[Dataset entries]
+ + + +

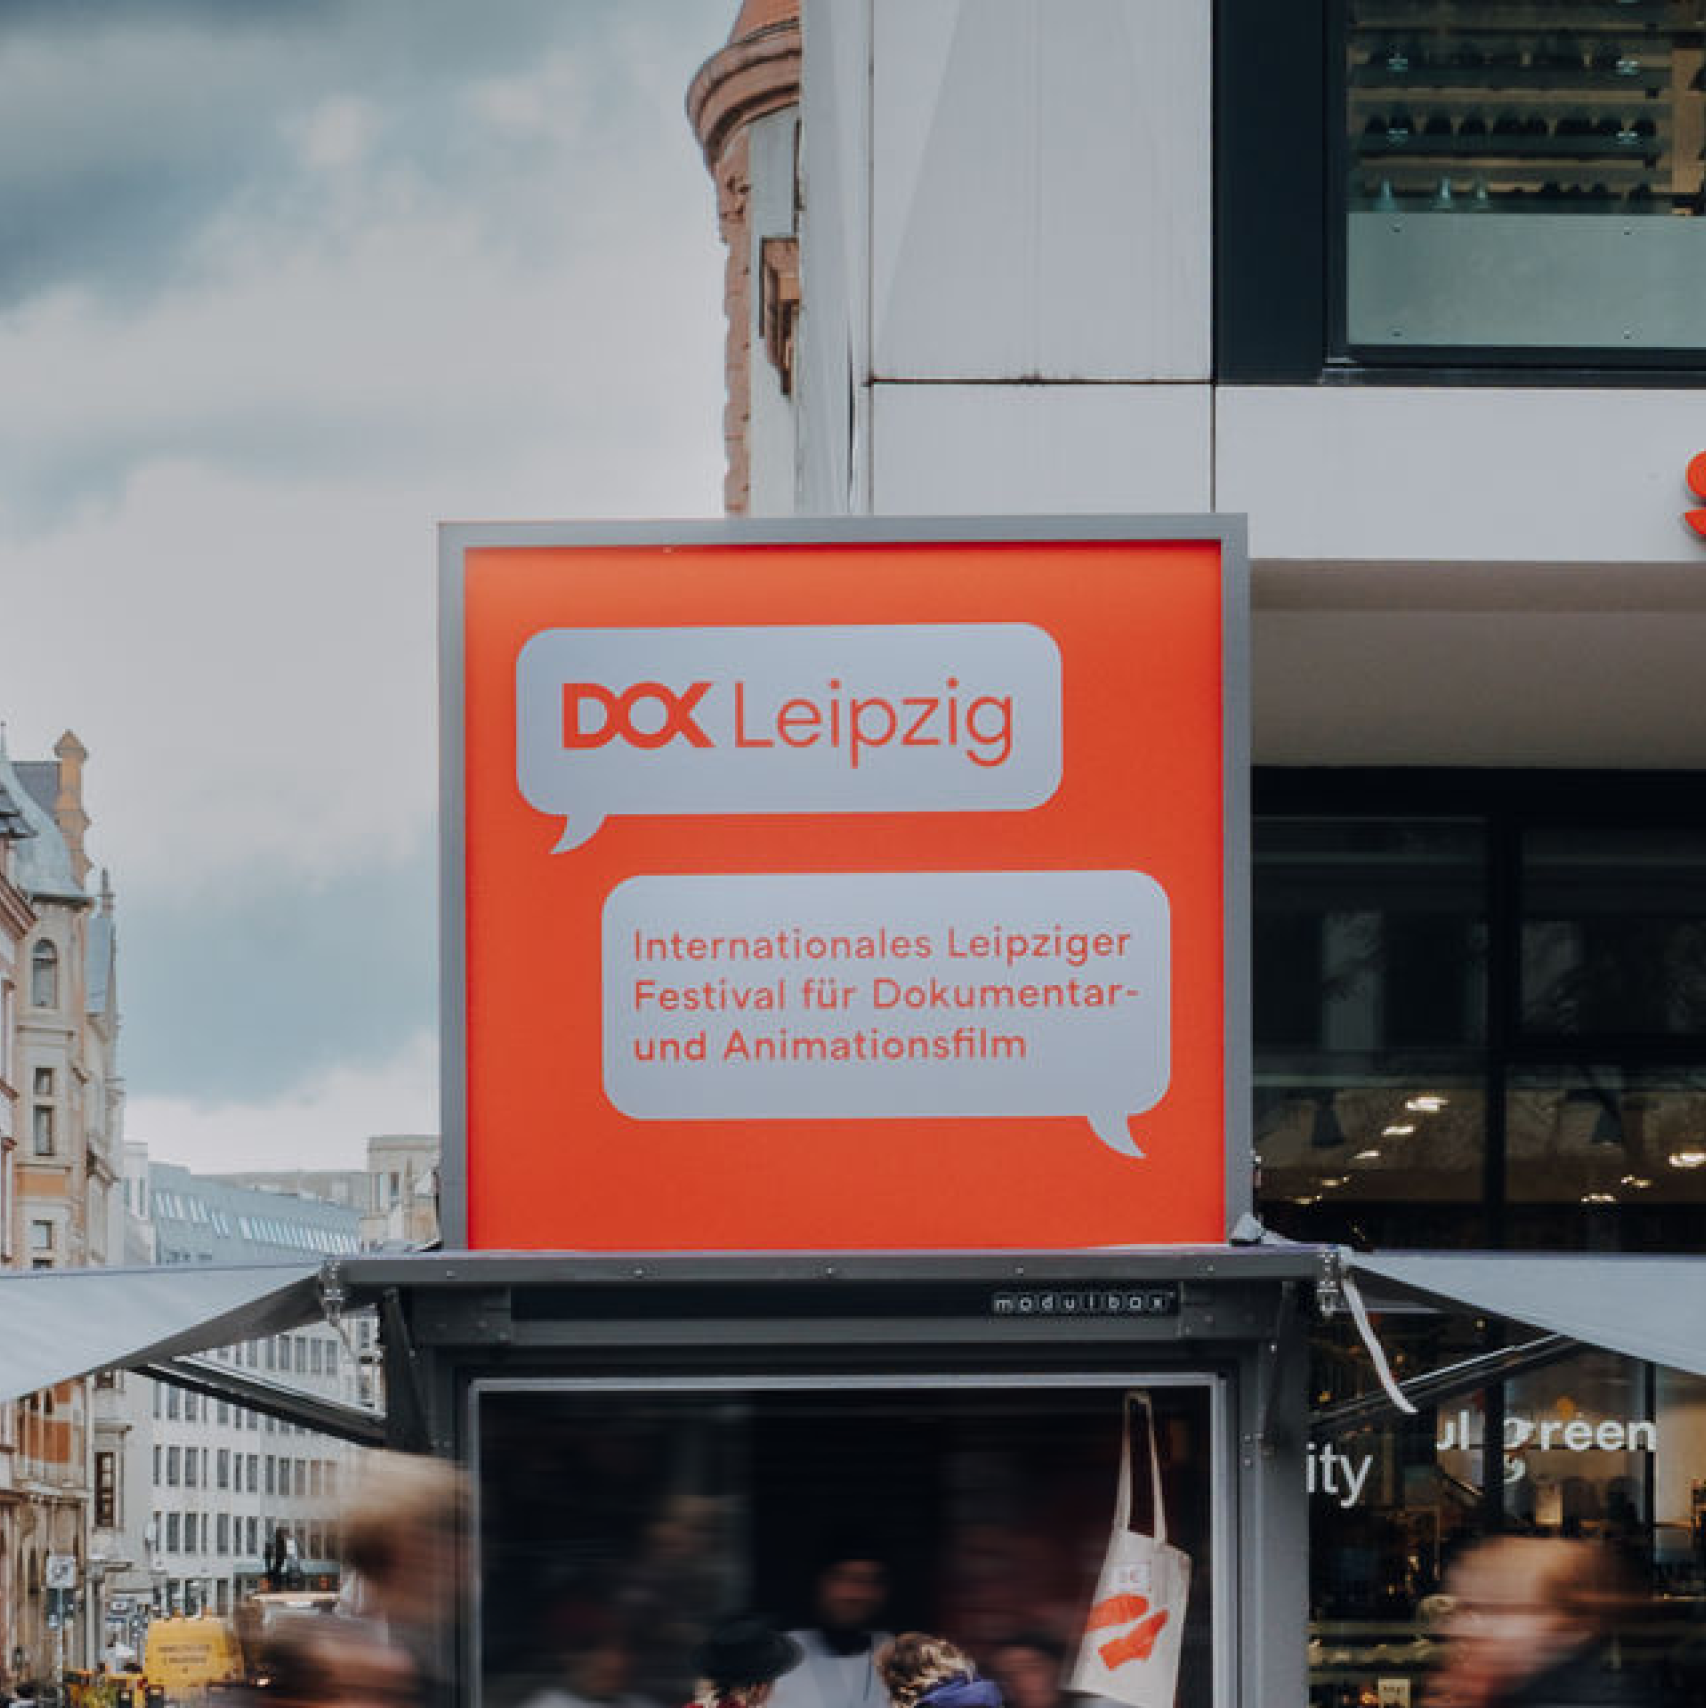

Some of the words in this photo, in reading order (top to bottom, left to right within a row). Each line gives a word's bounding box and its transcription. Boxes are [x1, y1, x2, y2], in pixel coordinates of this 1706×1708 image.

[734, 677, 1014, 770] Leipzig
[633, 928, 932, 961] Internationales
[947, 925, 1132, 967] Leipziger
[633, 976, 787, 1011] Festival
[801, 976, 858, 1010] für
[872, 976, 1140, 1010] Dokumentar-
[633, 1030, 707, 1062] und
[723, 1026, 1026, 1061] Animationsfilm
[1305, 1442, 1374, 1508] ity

+ + + +

- **Required work**
The expected result is the data above in exact form, free of pictures.

- **The answer**
Some of the words in this photo, in reading order (top to bottom, left to right within a row). Each line gives a word's bounding box and its transcription. Boxes are [x1, y1, x2, y2], in pixel coordinates of this 1706×1708 image.

[734, 677, 1014, 770] Leipzig
[633, 928, 932, 961] Internationales
[947, 925, 1132, 967] Leipziger
[633, 976, 787, 1011] Festival
[801, 976, 858, 1010] für
[872, 976, 1140, 1010] Dokumentar-
[633, 1030, 707, 1062] und
[723, 1026, 1026, 1061] Animationsfilm
[1305, 1442, 1374, 1508] ity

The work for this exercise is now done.